### Free-text object descriptions
━━━━━━━━━━━━━━━━━━━━

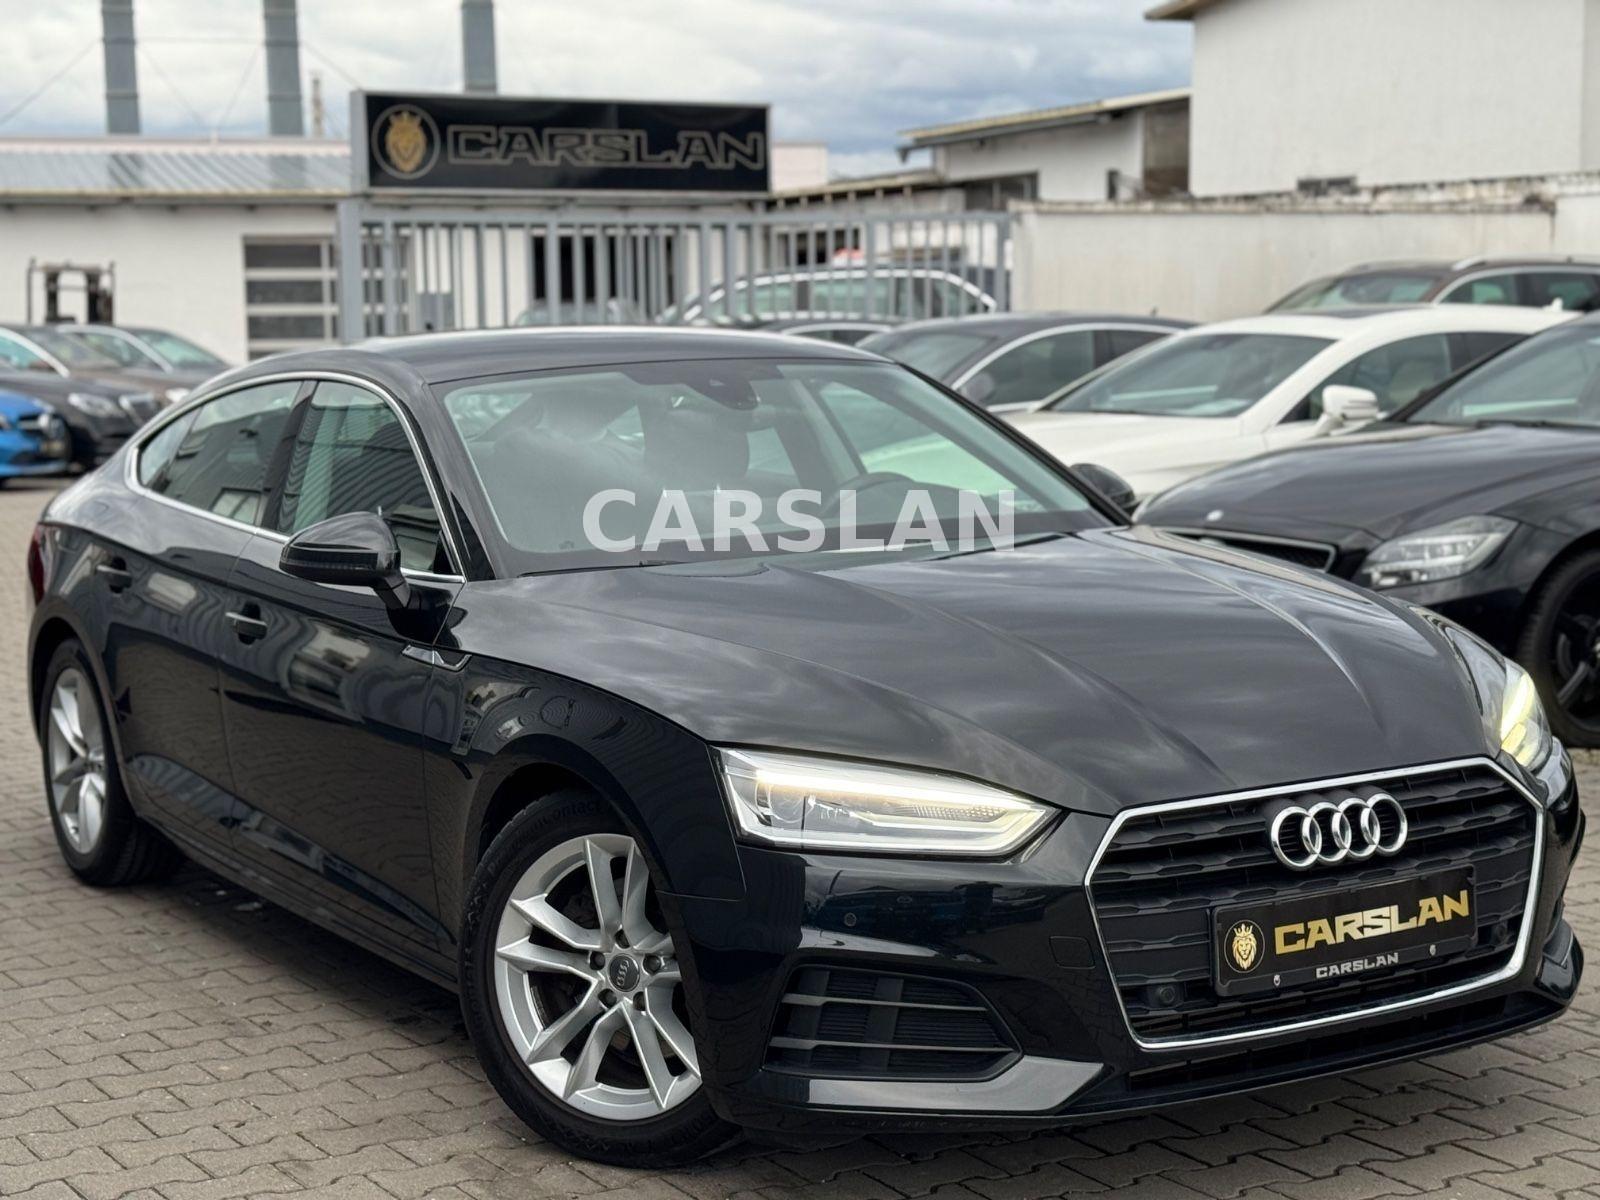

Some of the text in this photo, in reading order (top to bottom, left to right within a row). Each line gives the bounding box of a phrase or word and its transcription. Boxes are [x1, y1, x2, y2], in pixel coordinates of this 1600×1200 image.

[447, 125, 764, 170] CARSLAN
[1274, 890, 1469, 955] CARSLAN
[1316, 952, 1399, 979] CARSLAN
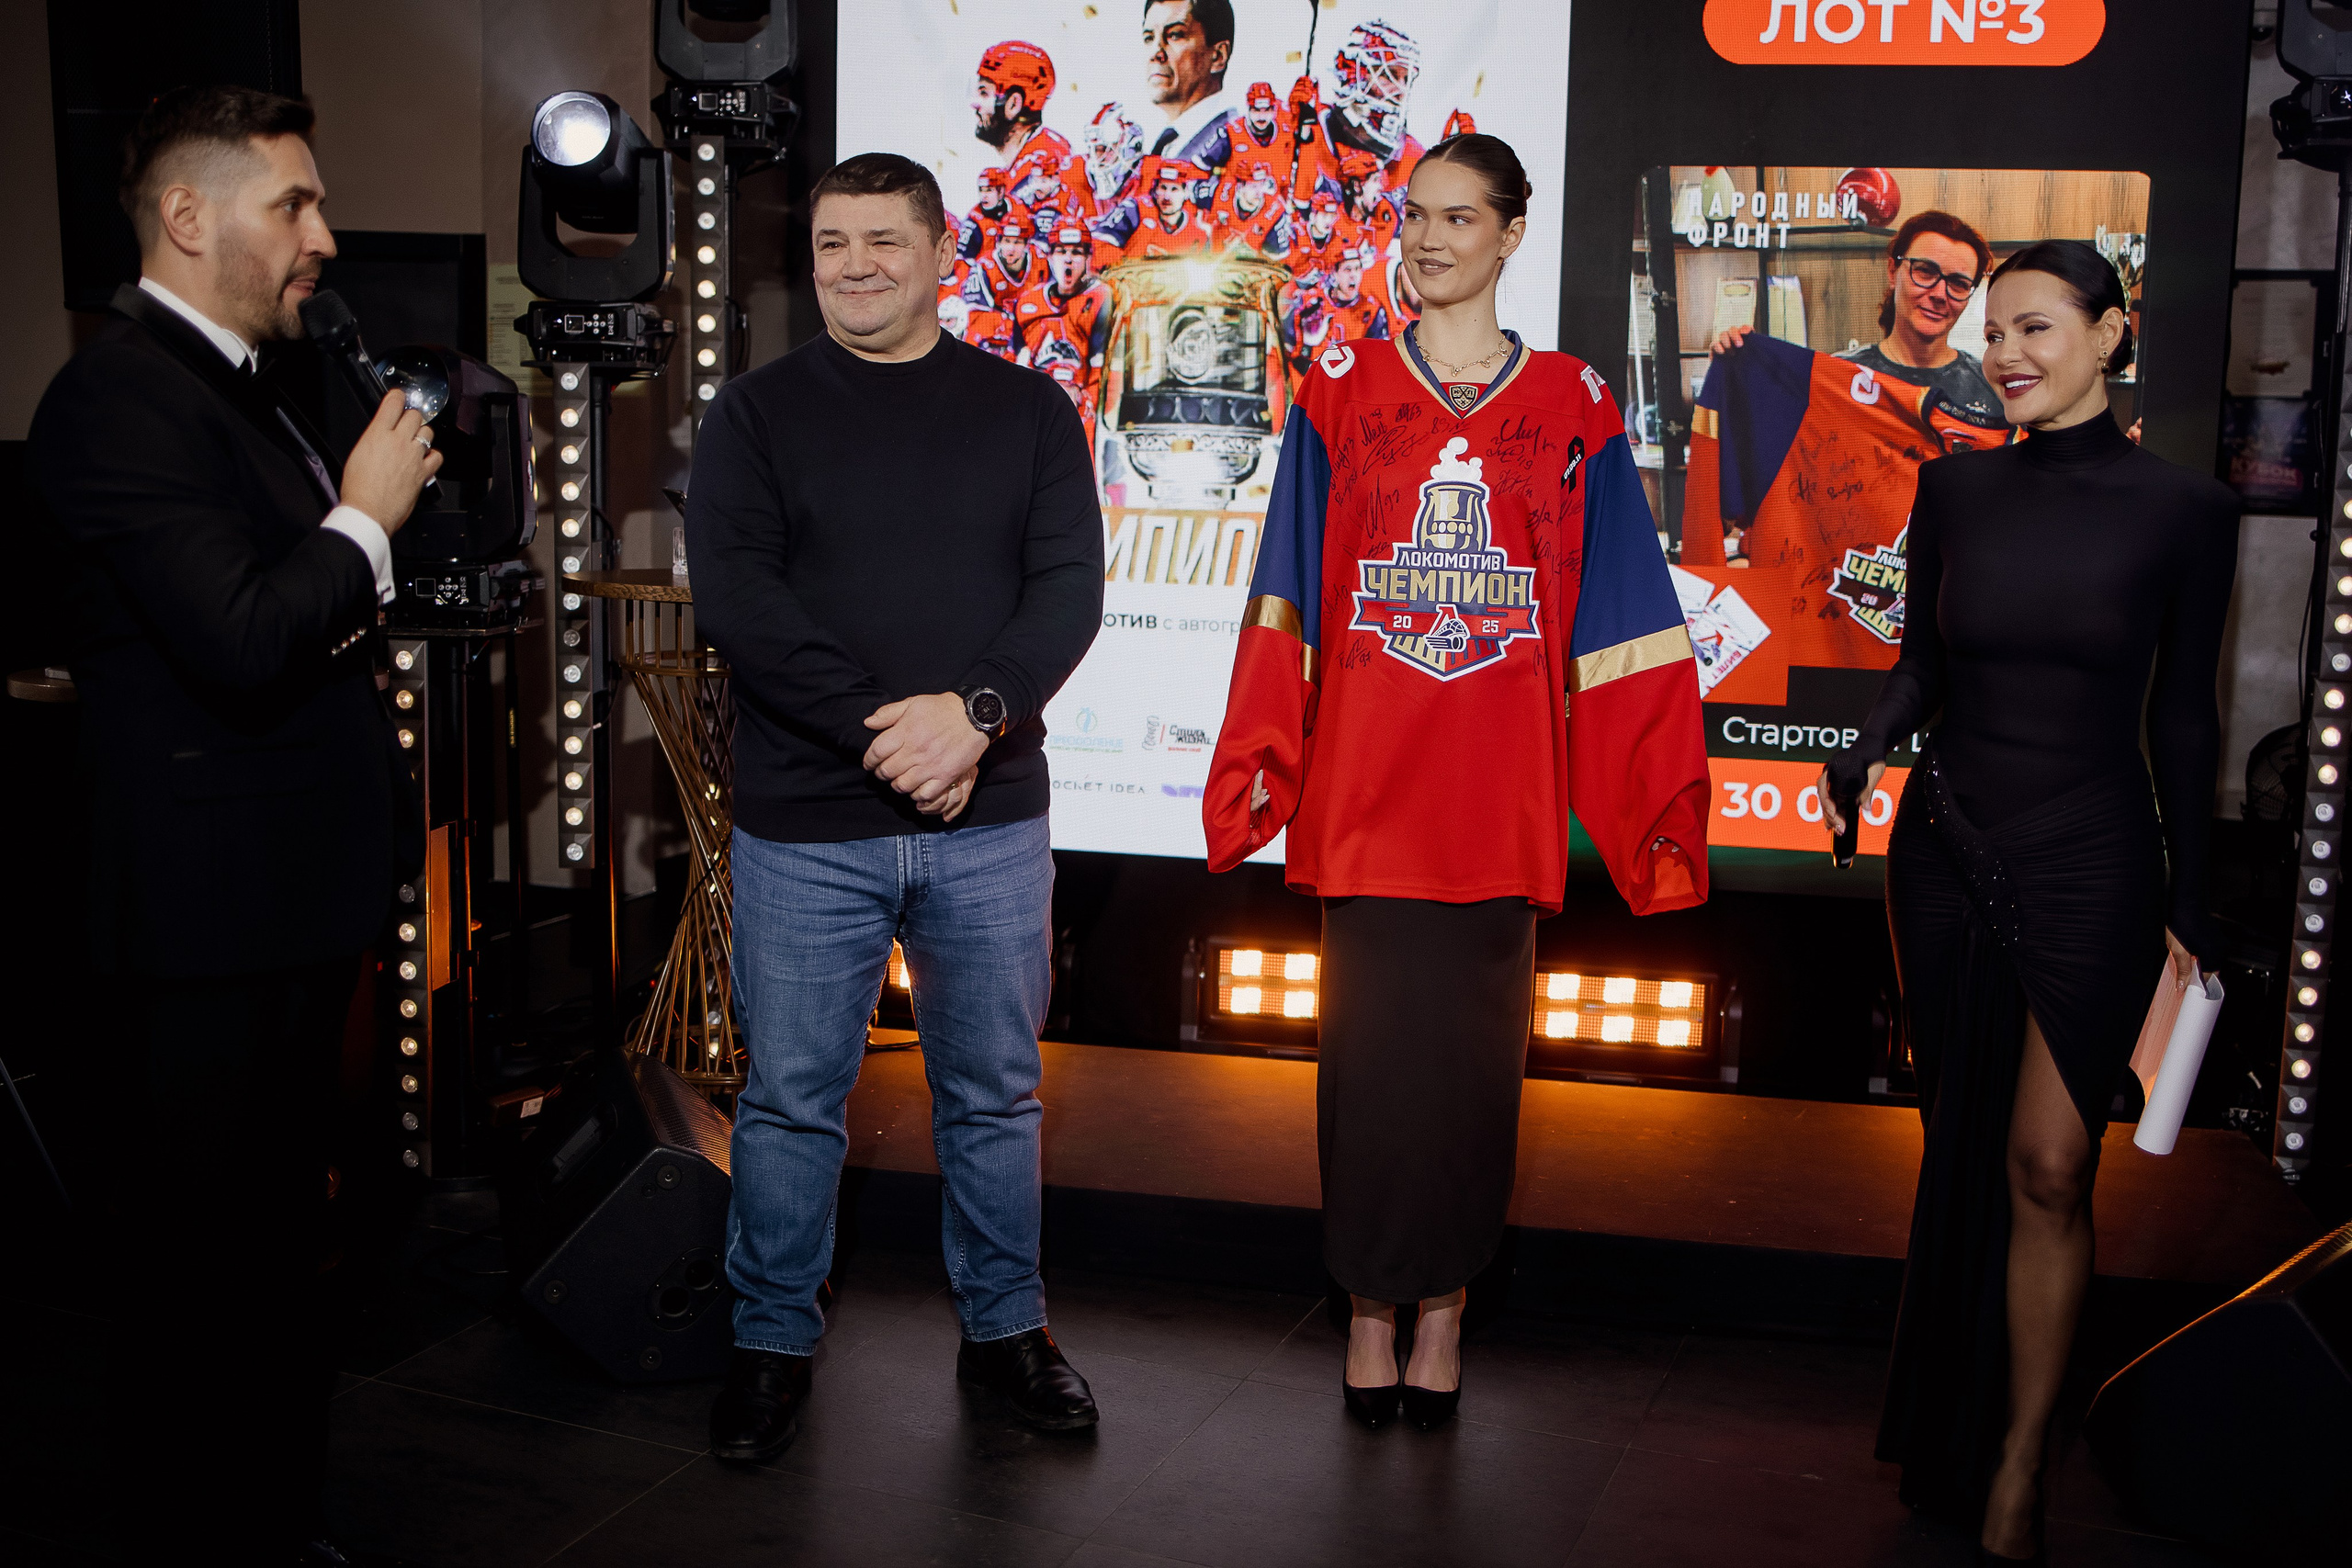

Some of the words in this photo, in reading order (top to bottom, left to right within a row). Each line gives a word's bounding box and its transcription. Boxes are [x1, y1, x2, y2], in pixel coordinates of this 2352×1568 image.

━━━━━━━━━━━━━━━━━━━━

### Instructions for the task
In the copy, every entry must appear exactly as written, and no picture may appear.

### Exercise output
Some of the text in this photo, in reading order (top to bottom, left to right within a row). Each line gives the bounding box of a phrase or word and its transcription. Boxes are [x1, y1, x2, y2], in pixel coordinates of this 1600×1200 image.

[447, 125, 764, 170] CARSLAN
[1274, 890, 1469, 955] CARSLAN
[1316, 952, 1399, 979] CARSLAN

Some of the words in this photo, in reading order (top to bottom, left to right within a row). Each line gives a word's bounding box and its transcription. Boxes are [x1, y1, x2, y2], in pixel coordinates of this 2352×1568 image.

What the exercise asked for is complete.